The title could quite easily be ‘Dogs and children’ as the principles are pretty much the same whatever the breed. This blog however, is based on our 3 Shar Pei and our darling daughter (DD). It focuses on the fun, laughter and obvious enjoyment to be had but also things to look out for, such as: the warning signs and general experience gained.
When Marley arrived home as a puppy for the very first time, DD was already established in the family and house. From the get-go, we ensured that she interacted with Marley, whether that be in: the home, garden, on walks, playing fetch, hide and seek or even using basic commands (e.g, “sit, down, paw & fetch”).
Through this early interaction and socialisation, Marley quickly realised his position in the family (‘pecking order’) and therefore, a wonderful relationship between Marley & DD was established.
One after the other, Mulan, then Lola arrived and the same principles we used with Marley, were applied and also worked successfully.
However, there have been what you could call “close shaves”, where DD has inquisitively pulled a tail, squeezed the body or face too hard, screamed loudly or even shouted...basically being a typical ’giddy child’. The type of behaviour outlined can ‘spook’ a dog or any animal really, to the point where a grunt, gruff, or peck (not bite) has been presented by Marley, but not from the other two dogs.
We are not sure if this lack of reaction is due to the 2 girls having a different temperament to Marley or because they are lower down the pecking order, therefore with greater respect for DD. Either way, she has always been reminded not to repeat such behaviour that has previously caused such a reaction.
Our Shar Pei are now very used to DD, they respect, love and protect her. This I put down to, the early interaction and socialisation with each dog as explained above.

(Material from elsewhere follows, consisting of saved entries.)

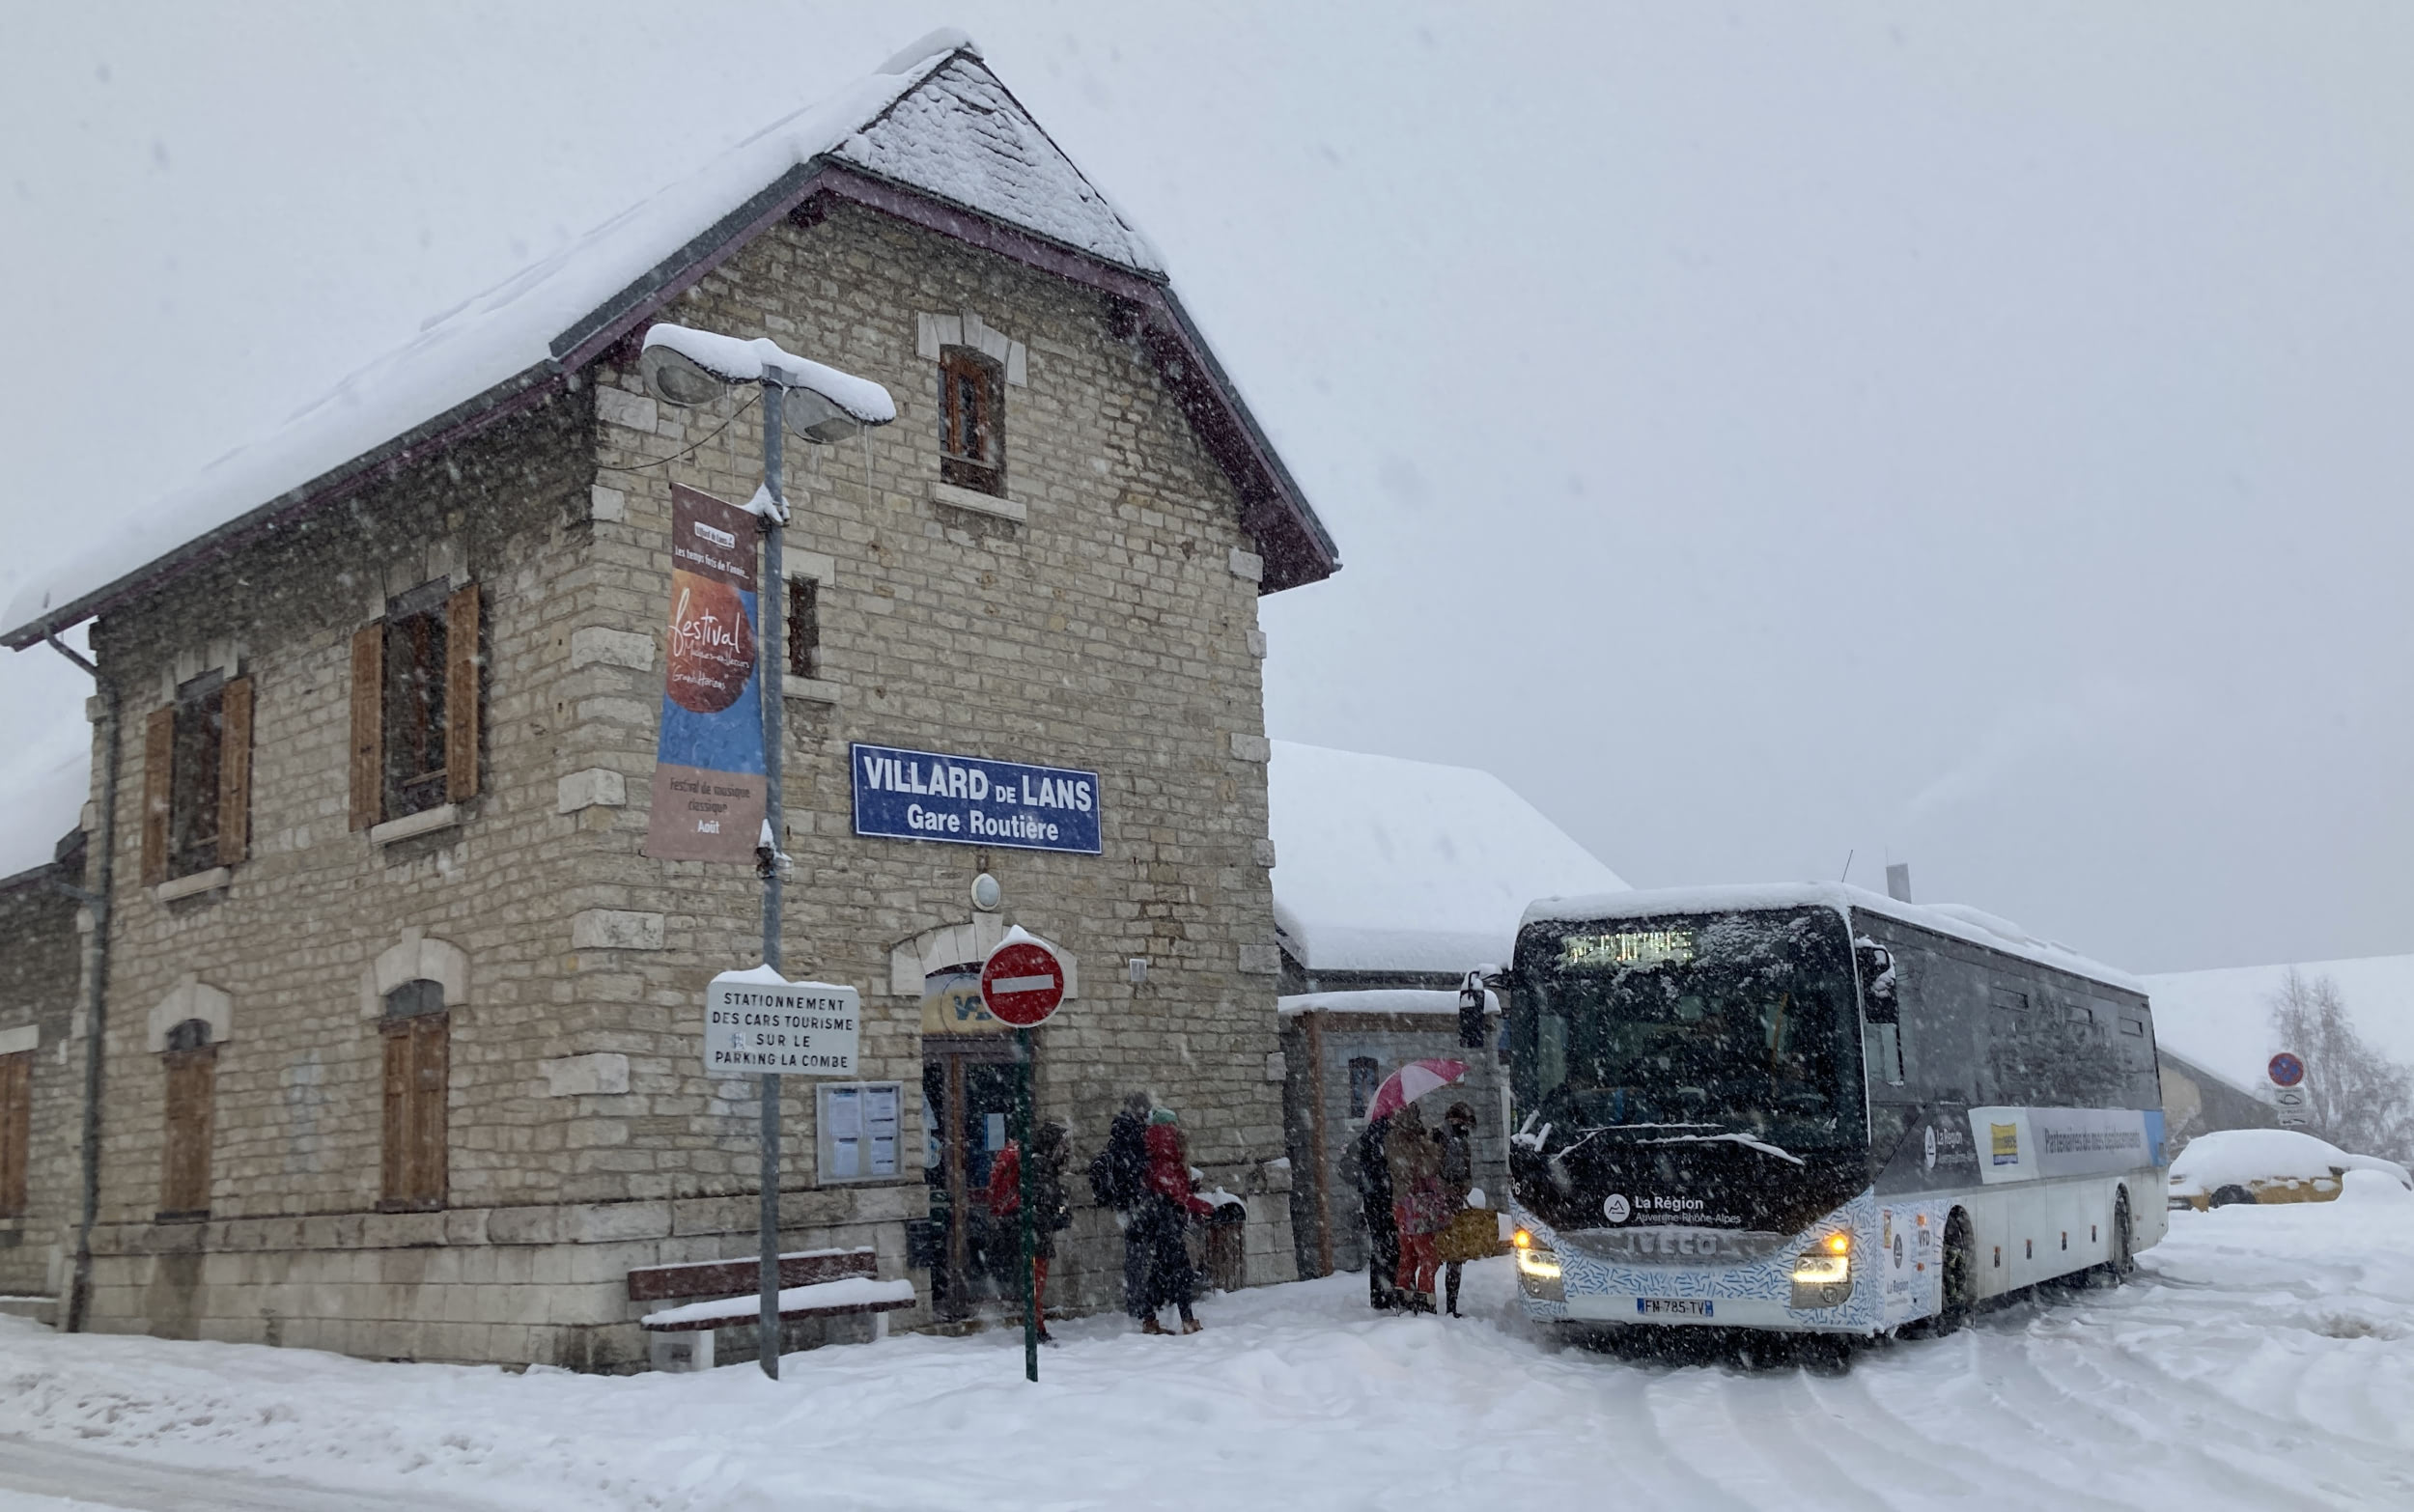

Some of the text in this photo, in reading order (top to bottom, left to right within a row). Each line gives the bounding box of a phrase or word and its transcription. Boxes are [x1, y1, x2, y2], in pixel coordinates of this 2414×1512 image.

[675, 545, 686, 557] Les
[687, 548, 705, 564] temps
[717, 560, 726, 571] de
[670, 777, 750, 800] Festival de musique
[863, 755, 1092, 812] VILLARD DE LANS
[697, 819, 720, 835] Août
[907, 803, 1059, 841] Gare Routière
[724, 993, 845, 1011] STATIONNEMENT
[713, 1011, 854, 1031] DES CARS TOURISME
[756, 1033, 811, 1048] SUR LE
[716, 1050, 848, 1068] PARKING LA COMBE
[1635, 1195, 1704, 1212] La Région
[1635, 1212, 1742, 1224] Auvergne-Rhône-Alpes
[1626, 1232, 1718, 1255] IVECO
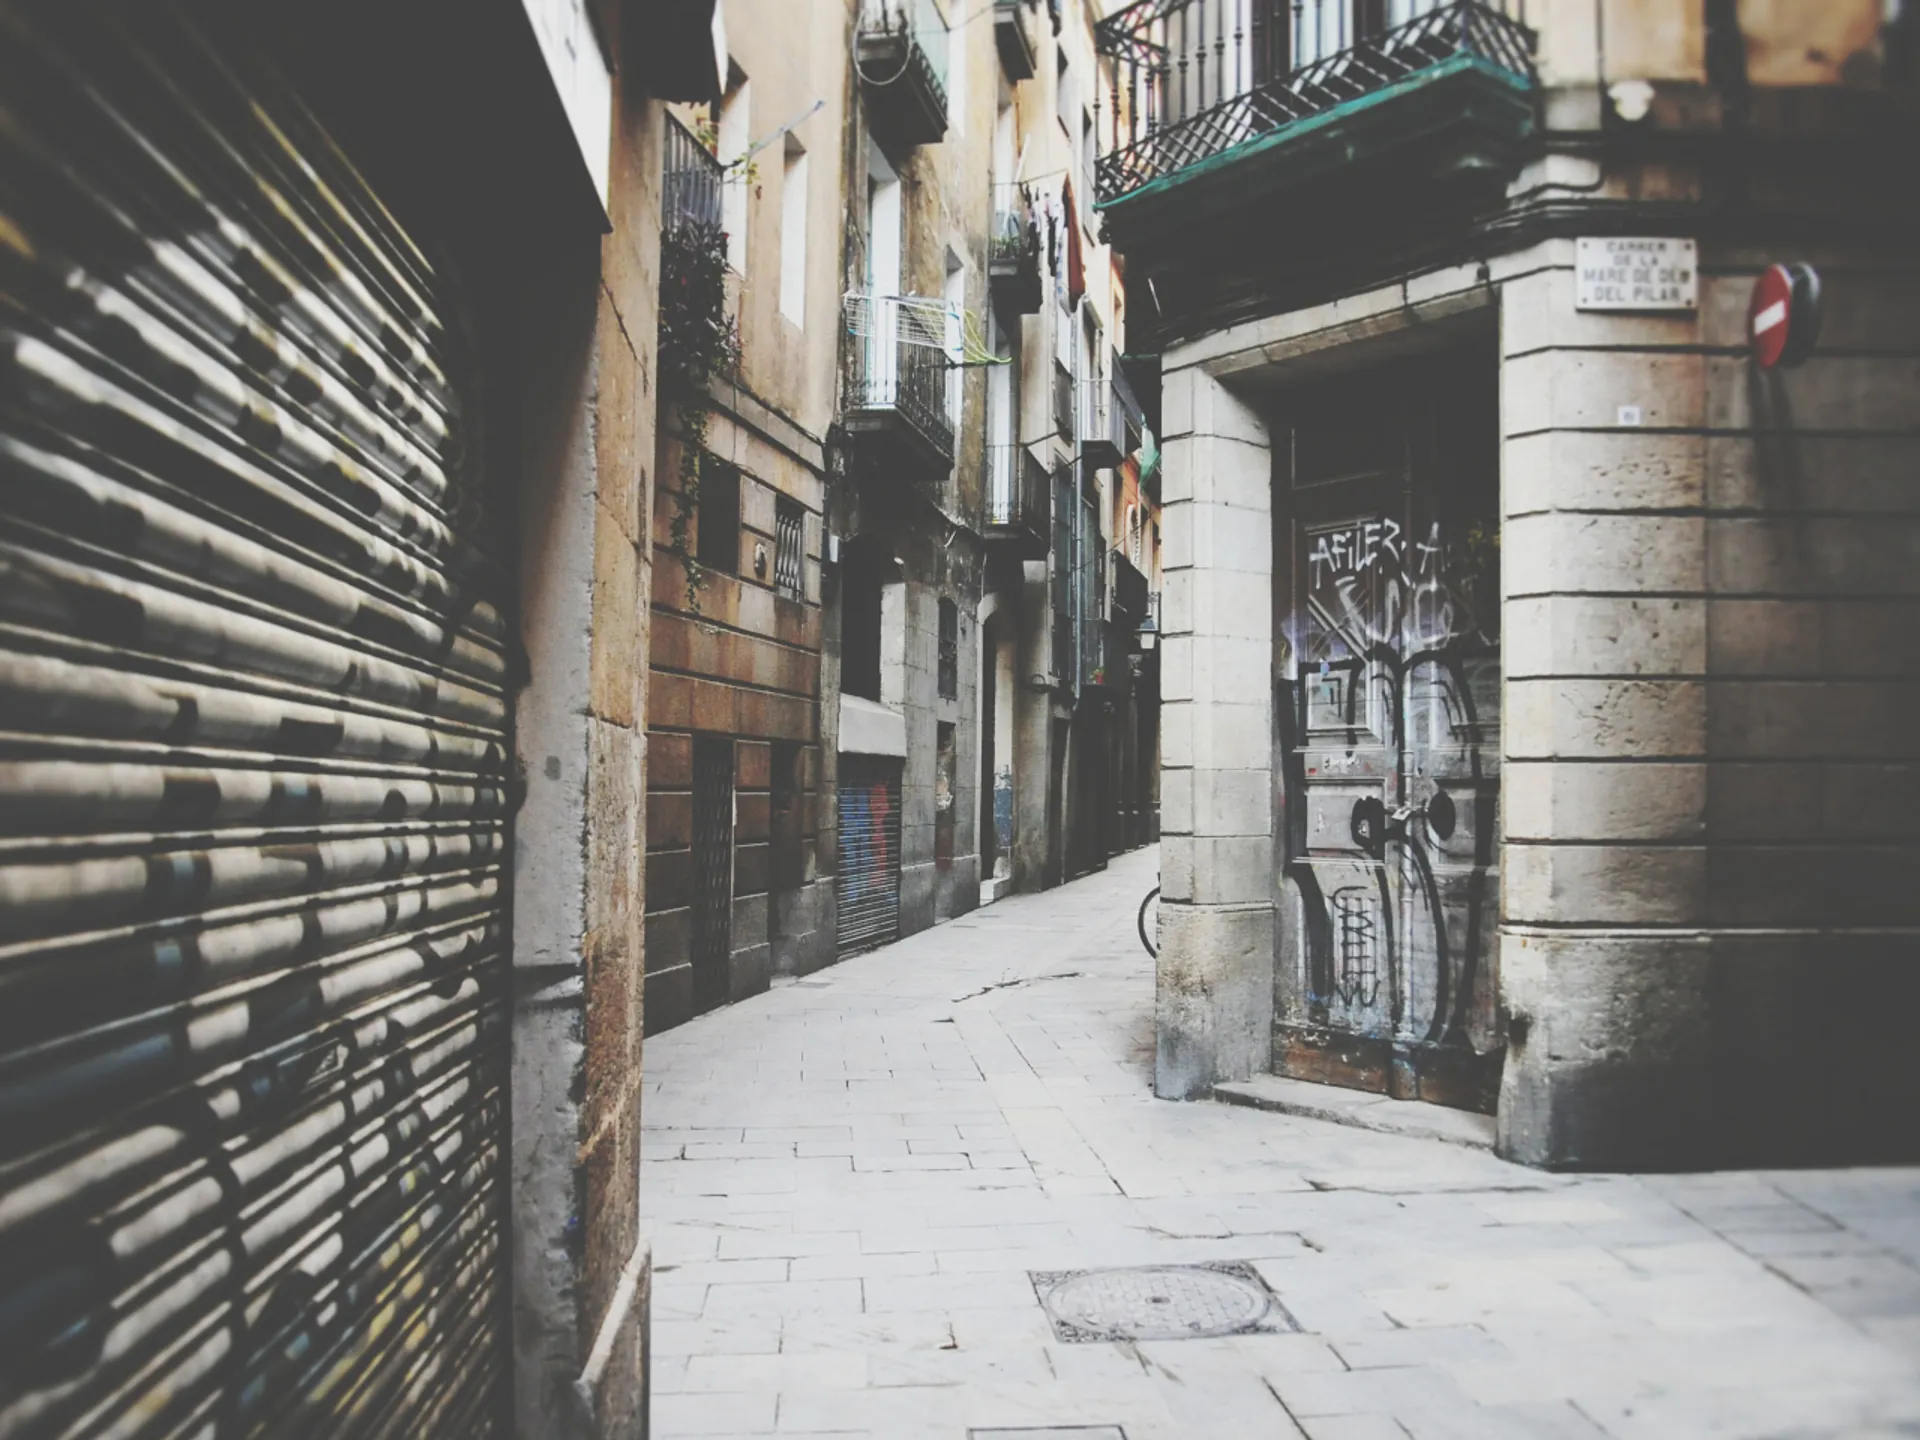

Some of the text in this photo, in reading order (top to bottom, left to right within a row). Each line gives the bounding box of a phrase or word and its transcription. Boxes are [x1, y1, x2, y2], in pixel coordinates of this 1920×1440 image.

[1606, 241, 1667, 253] CARRER
[1613, 254, 1659, 267] DE LA
[1583, 268, 1626, 283] MARE
[1633, 268, 1652, 283] DE
[1594, 286, 1680, 302] DEL PILAR
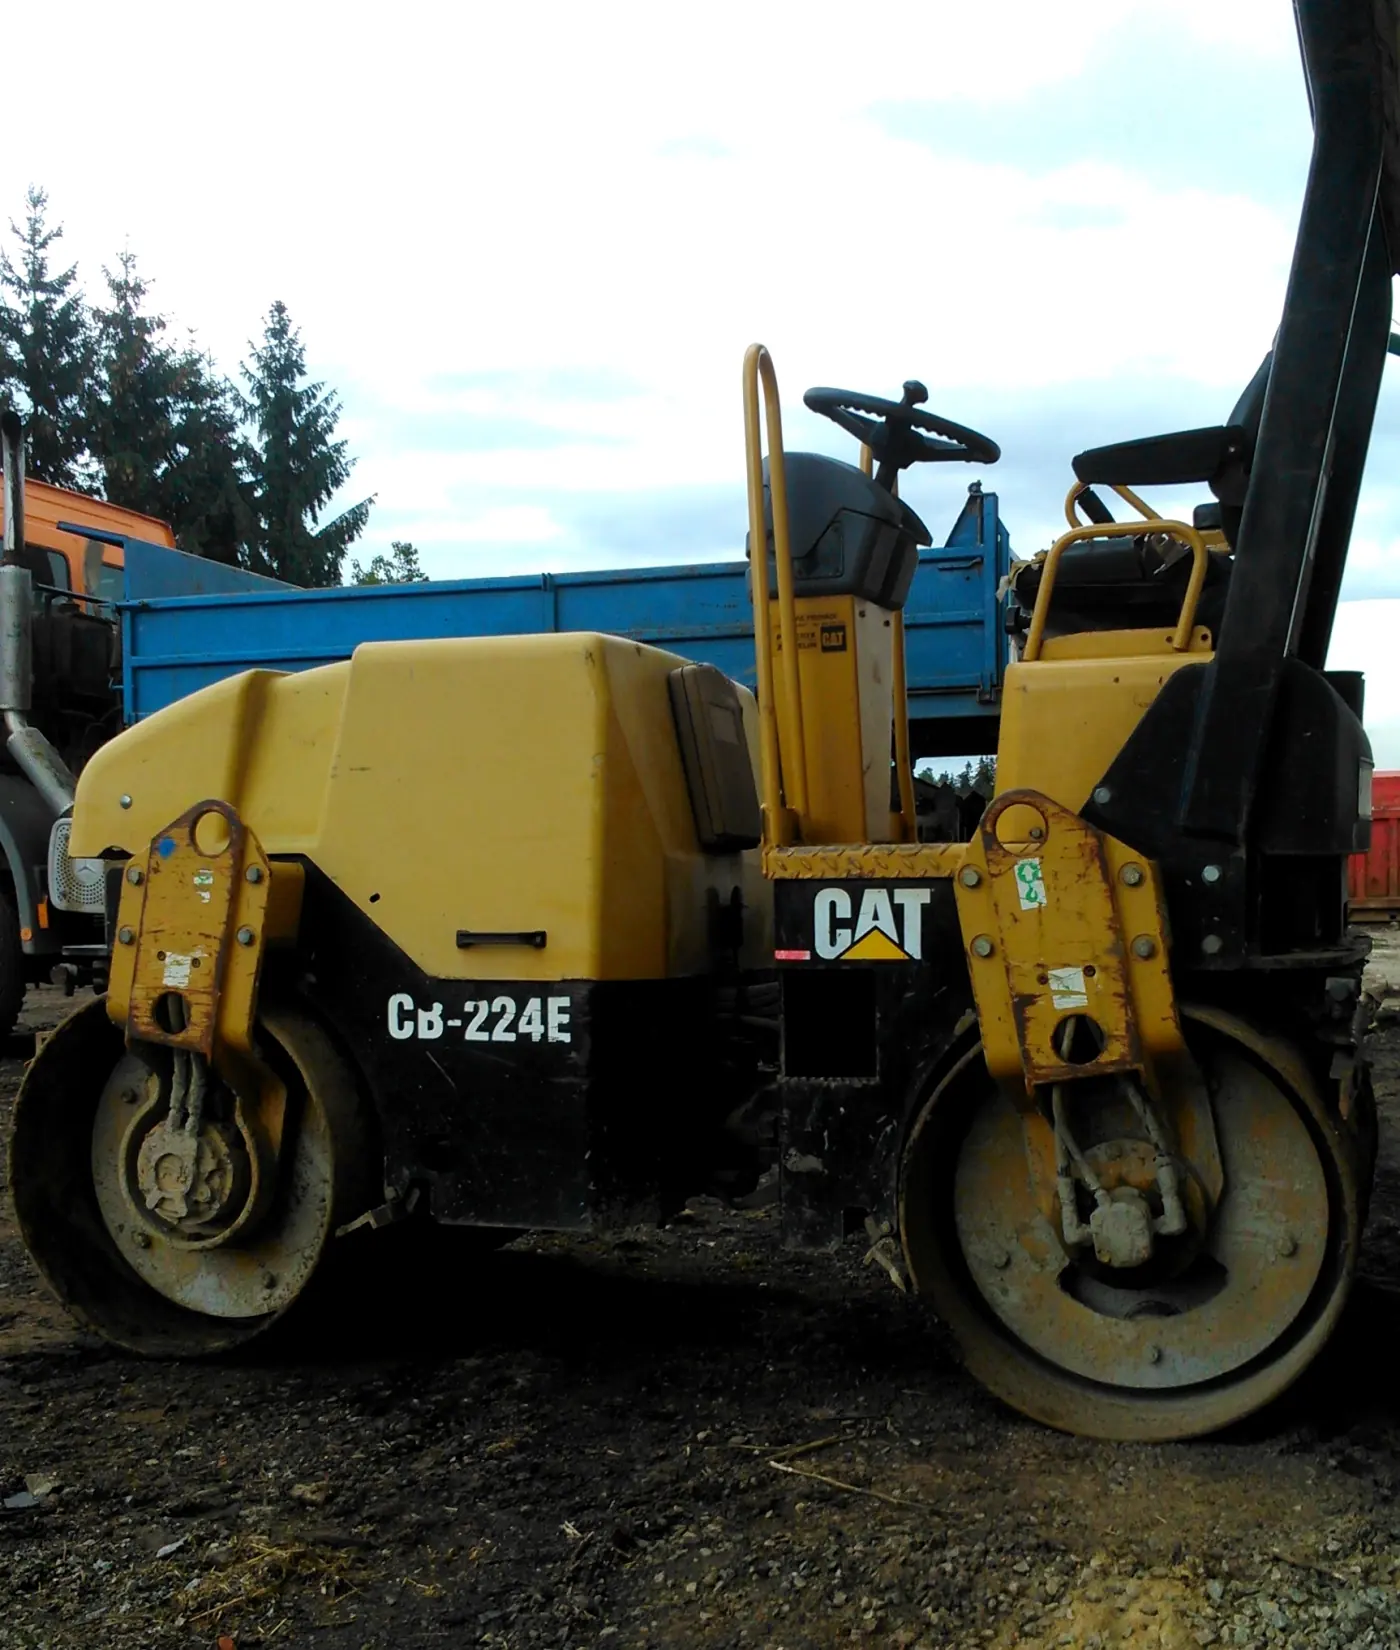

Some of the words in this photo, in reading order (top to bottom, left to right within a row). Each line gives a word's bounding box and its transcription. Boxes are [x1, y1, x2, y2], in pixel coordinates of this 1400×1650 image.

There are also some very important rules and guidelines:
Don’t let your young child carry a puppy around (it can easily be dropped and hurt).
Try not to swamp your puppy (and even dog) with too much attention as they do like their own space too.
Respect the dog (it's not a toy).
Leave the dog in peace, especially when he is resting, eating or chewing on a toy or bone etc…
Do not go face to face with a dog.
Do not dangle any fingers in a dogs face. Instead, hold out your hand with fist clenched and with your knuckles shown. (Also it is important to let the dog come to you).
There are many other rules and guidelines that are simple common sense. However, always remember the golden rule in that, no matter how placid and loving you think your dog or puppy is:
Never leave a child alone with a dog or puppy. All animals are unpredictable.